Task objective: Keep images out and repeat all data exactly.
Provided data Start Marker
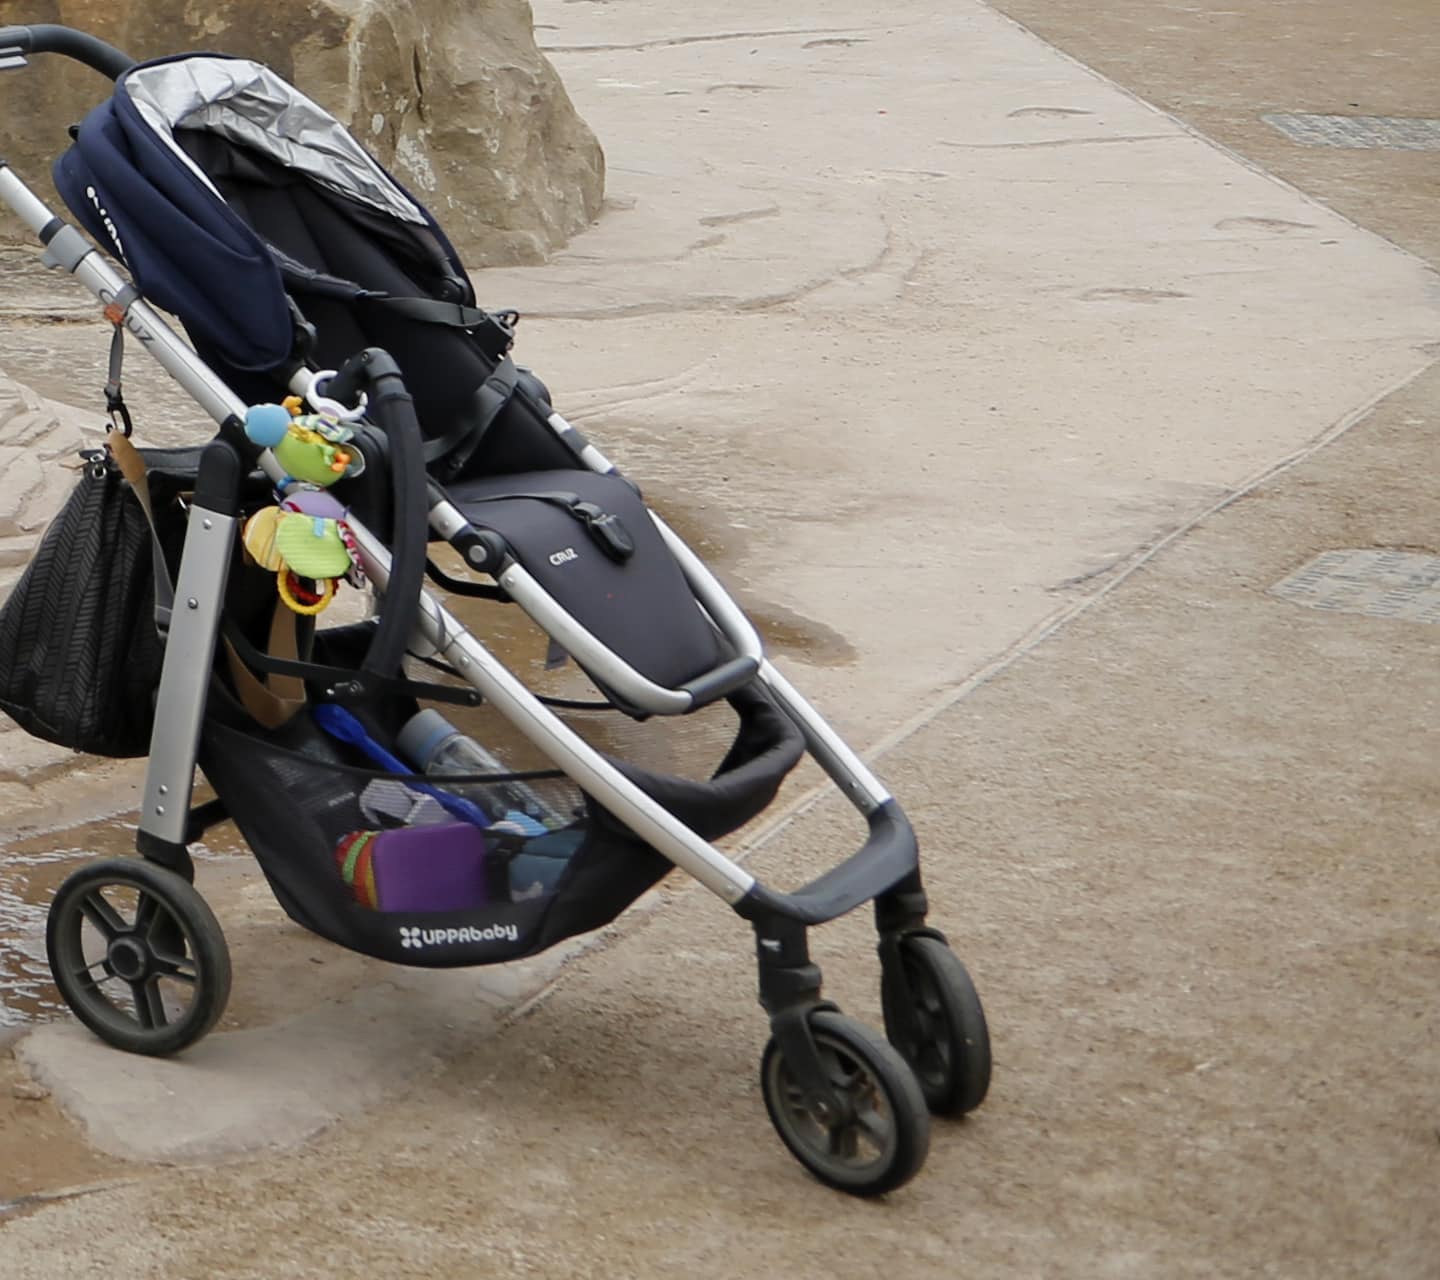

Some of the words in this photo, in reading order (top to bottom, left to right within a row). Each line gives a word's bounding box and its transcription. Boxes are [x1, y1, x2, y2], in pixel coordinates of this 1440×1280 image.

[98, 288, 156, 348] CUZ
[549, 547, 579, 566] CRUZ
[421, 922, 519, 945] UPPAbaby
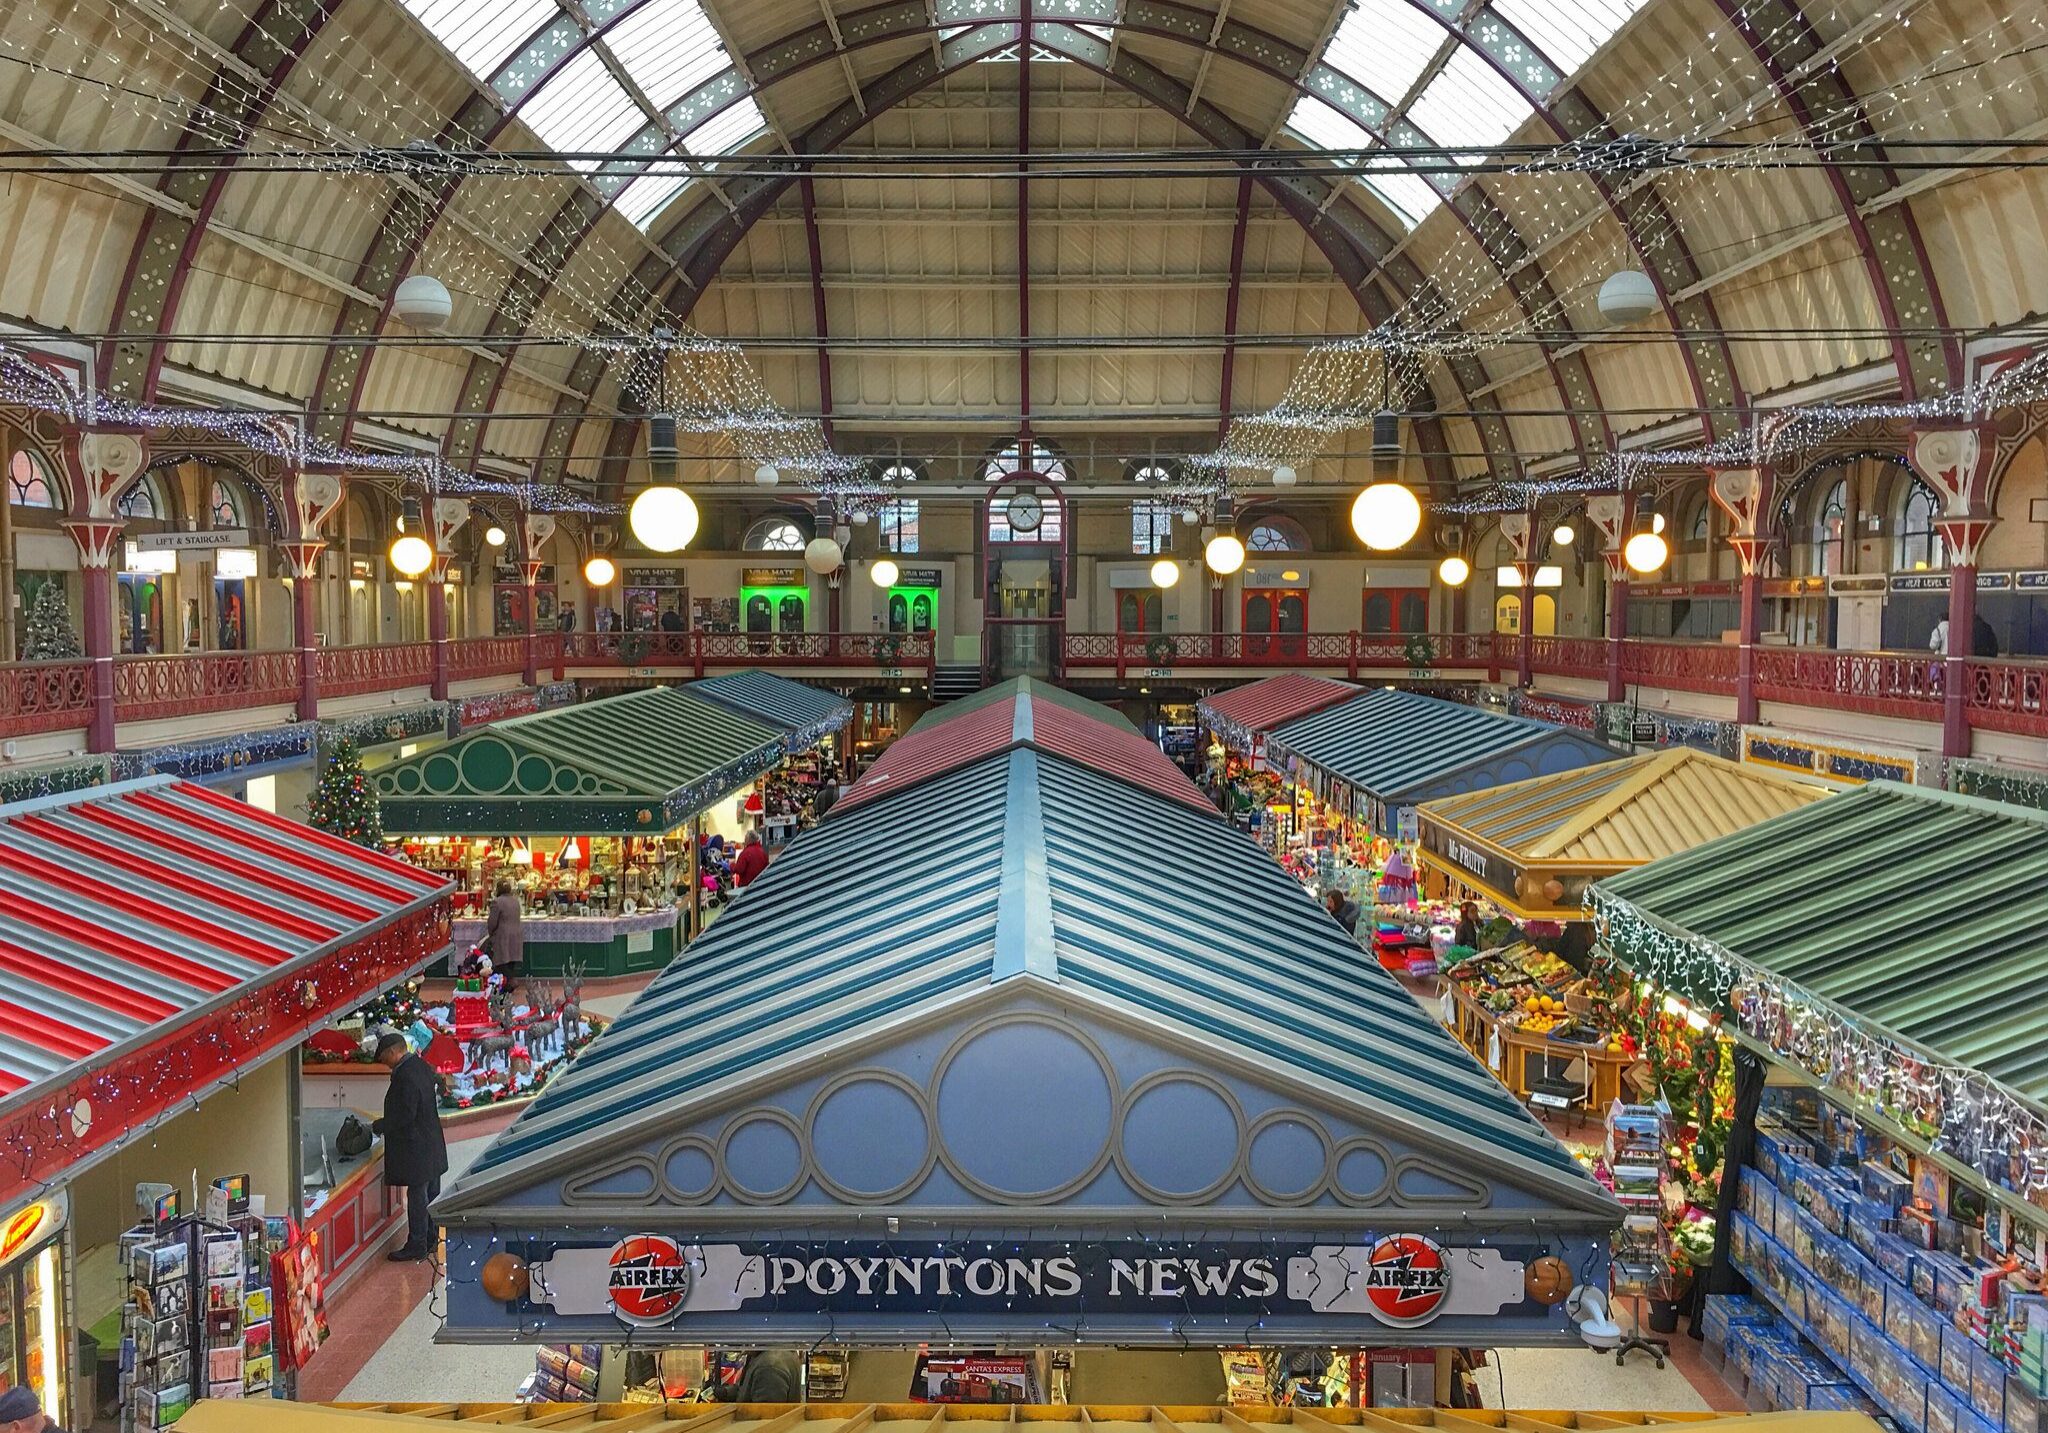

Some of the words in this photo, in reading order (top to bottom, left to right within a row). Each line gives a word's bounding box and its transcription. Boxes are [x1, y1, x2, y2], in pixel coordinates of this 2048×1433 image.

[155, 537, 174, 546] LIFT
[176, 537, 183, 545] &
[185, 535, 231, 545] STAIRCASE
[1448, 838, 1458, 860] Mr
[1459, 844, 1487, 877] FRUITY
[608, 1268, 686, 1286] AIRFIX
[770, 1257, 1083, 1298] POYNTONS
[1108, 1257, 1279, 1299] NEWS
[1366, 1269, 1445, 1287] AIRFIX
[1368, 1352, 1401, 1363] January
[965, 1365, 992, 1373] SANTA'S
[993, 1365, 1022, 1373] EXPRESS
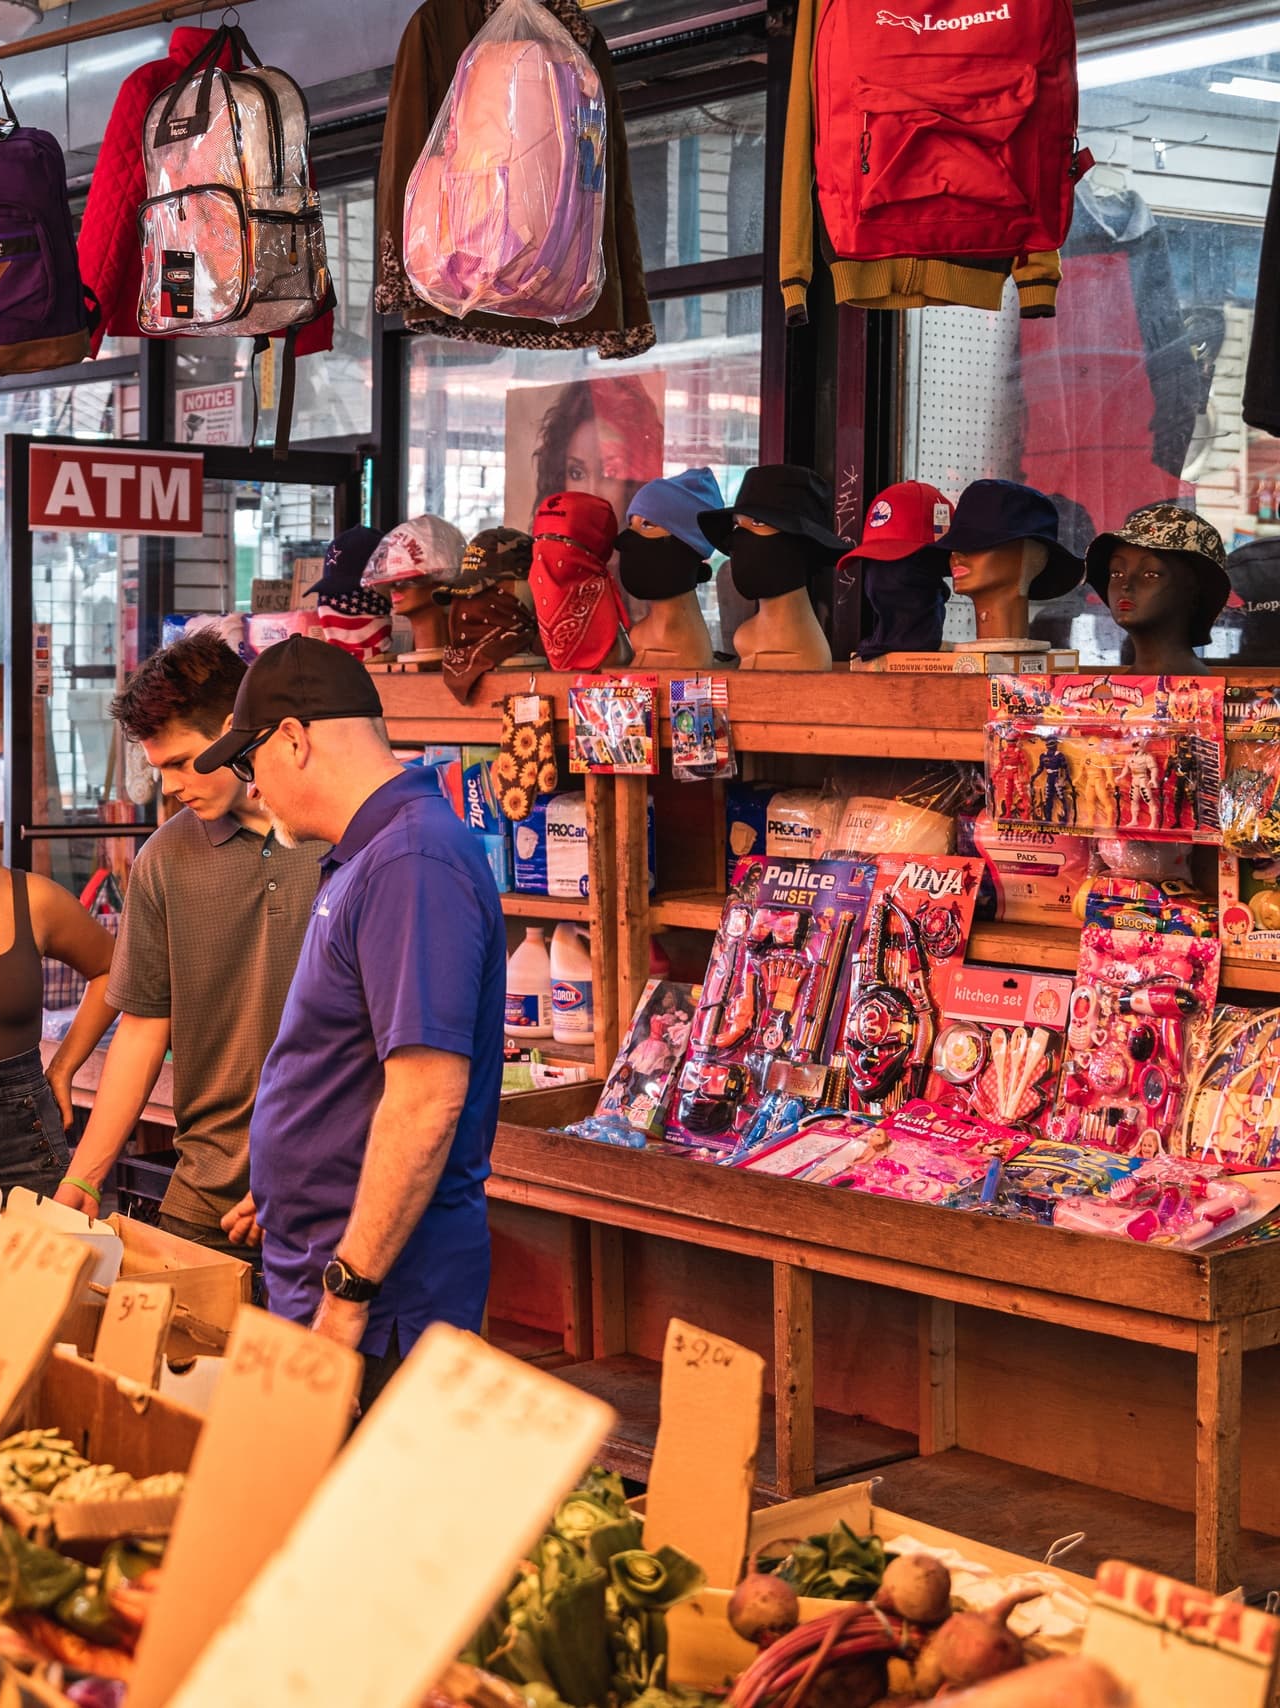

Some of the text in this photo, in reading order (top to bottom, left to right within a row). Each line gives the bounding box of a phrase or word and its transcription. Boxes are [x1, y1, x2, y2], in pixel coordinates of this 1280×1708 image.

[923, 4, 1011, 31] Leopard
[185, 390, 233, 410] NOTICE
[44, 461, 190, 521] ATM
[467, 779, 486, 829] Ziploc
[768, 820, 822, 839] PROCare
[1017, 853, 1037, 862] PADS
[763, 864, 835, 890] Police
[891, 862, 963, 899] NINJA
[787, 889, 818, 905] SET
[1058, 895, 1072, 904] 42
[1115, 915, 1155, 932] BLOCKS
[954, 986, 1022, 1007] kitchen set
[893, 1112, 932, 1130] Pretty
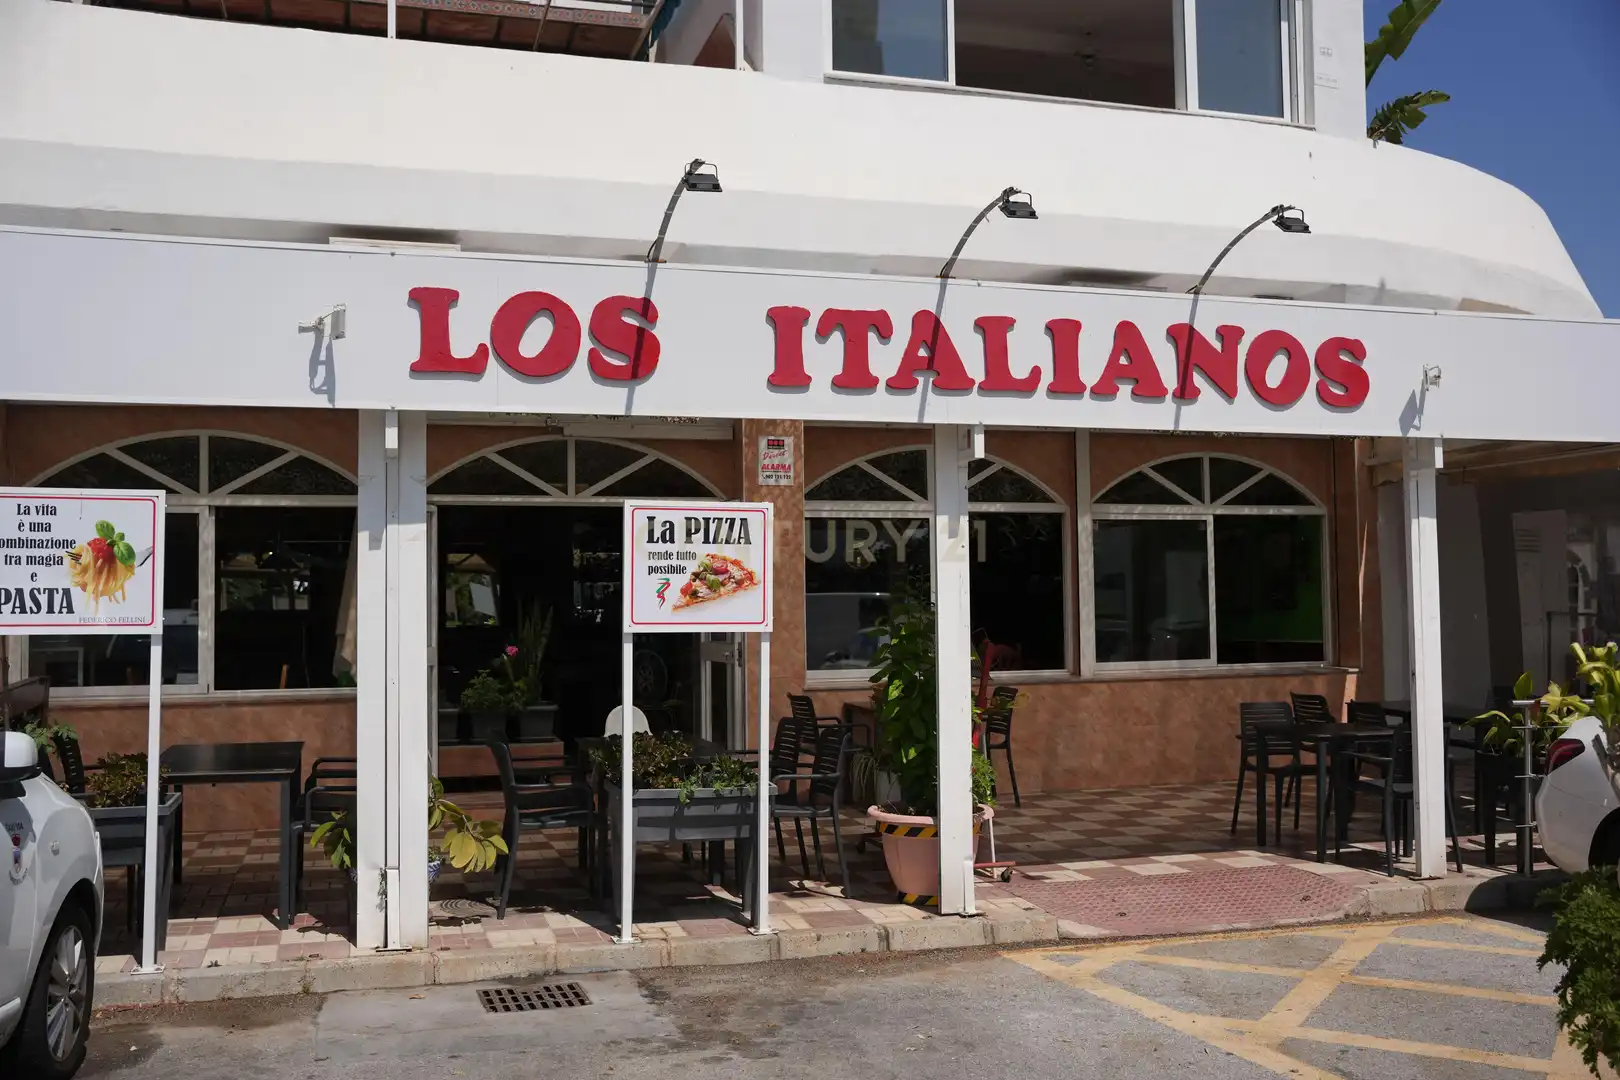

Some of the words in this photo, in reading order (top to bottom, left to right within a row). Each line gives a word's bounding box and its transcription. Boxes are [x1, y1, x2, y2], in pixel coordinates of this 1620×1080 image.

[409, 288, 660, 381] LOS
[767, 306, 1370, 408] ITALIANOS
[16, 503, 31, 516] La
[35, 503, 57, 516] vita
[18, 519, 25, 532] è
[29, 522, 51, 532] una
[646, 516, 675, 544] La
[684, 516, 752, 545] PIZZA
[0, 536, 76, 549] ombinazione
[4, 553, 22, 566] tra
[26, 553, 64, 567] magia
[648, 550, 674, 561] rende
[676, 550, 697, 561] tutto
[647, 563, 687, 576] possibile
[30, 571, 38, 582] e
[0, 587, 75, 614] PASTA
[79, 616, 117, 624] FEDERICO
[118, 616, 146, 624] FELLINI
Provided data End Marker
Written reply:
Some of the words in this photo, in reading order (top to bottom, left to right within a row). Each line gives a word's bounding box and its transcription. Boxes are [x1, y1, x2, y2], in pixel coordinates of this 1440×1280 image.

[98, 288, 156, 348] CUZ
[549, 547, 579, 566] CRUZ
[421, 922, 519, 945] UPPAbaby

Some of the words in this photo, in reading order (top to bottom, left to right within a row). Each line gives a word's bounding box and its transcription. Boxes are [x1, y1, x2, y2], in pixel coordinates of this 2048×1433 image.

[155, 537, 174, 546] LIFT
[176, 537, 183, 545] &
[185, 535, 231, 545] STAIRCASE
[1448, 838, 1458, 860] Mr
[1459, 844, 1487, 877] FRUITY
[608, 1268, 686, 1286] AIRFIX
[770, 1257, 1083, 1298] POYNTONS
[1108, 1257, 1279, 1299] NEWS
[1366, 1269, 1445, 1287] AIRFIX
[1368, 1352, 1401, 1363] January
[965, 1365, 992, 1373] SANTA'S
[993, 1365, 1022, 1373] EXPRESS

Some of the text in this photo, in reading order (top to bottom, left to right within a row). Each line gives the bounding box of a phrase or word and its transcription. Boxes are [x1, y1, x2, y2], in pixel coordinates of this 1280×1708 image.

[923, 4, 1011, 31] Leopard
[185, 390, 233, 410] NOTICE
[44, 461, 190, 521] ATM
[467, 779, 486, 829] Ziploc
[768, 820, 822, 839] PROCare
[1017, 853, 1037, 862] PADS
[763, 864, 835, 890] Police
[891, 862, 963, 899] NINJA
[787, 889, 818, 905] SET
[1058, 895, 1072, 904] 42
[1115, 915, 1155, 932] BLOCKS
[954, 986, 1022, 1007] kitchen set
[893, 1112, 932, 1130] Pretty

Some of the words in this photo, in reading order (top to bottom, left to right within a row). Each line gives a word's bounding box and its transcription. Boxes are [x1, y1, x2, y2], in pixel coordinates of this 1620×1080 image.

[409, 288, 660, 381] LOS
[767, 306, 1370, 408] ITALIANOS
[16, 503, 31, 516] La
[35, 503, 57, 516] vita
[18, 519, 25, 532] è
[29, 522, 51, 532] una
[646, 516, 675, 544] La
[684, 516, 752, 545] PIZZA
[0, 536, 76, 549] ombinazione
[4, 553, 22, 566] tra
[26, 553, 64, 567] magia
[648, 550, 674, 561] rende
[676, 550, 697, 561] tutto
[647, 563, 687, 576] possibile
[30, 571, 38, 582] e
[0, 587, 75, 614] PASTA
[79, 616, 117, 624] FEDERICO
[118, 616, 146, 624] FELLINI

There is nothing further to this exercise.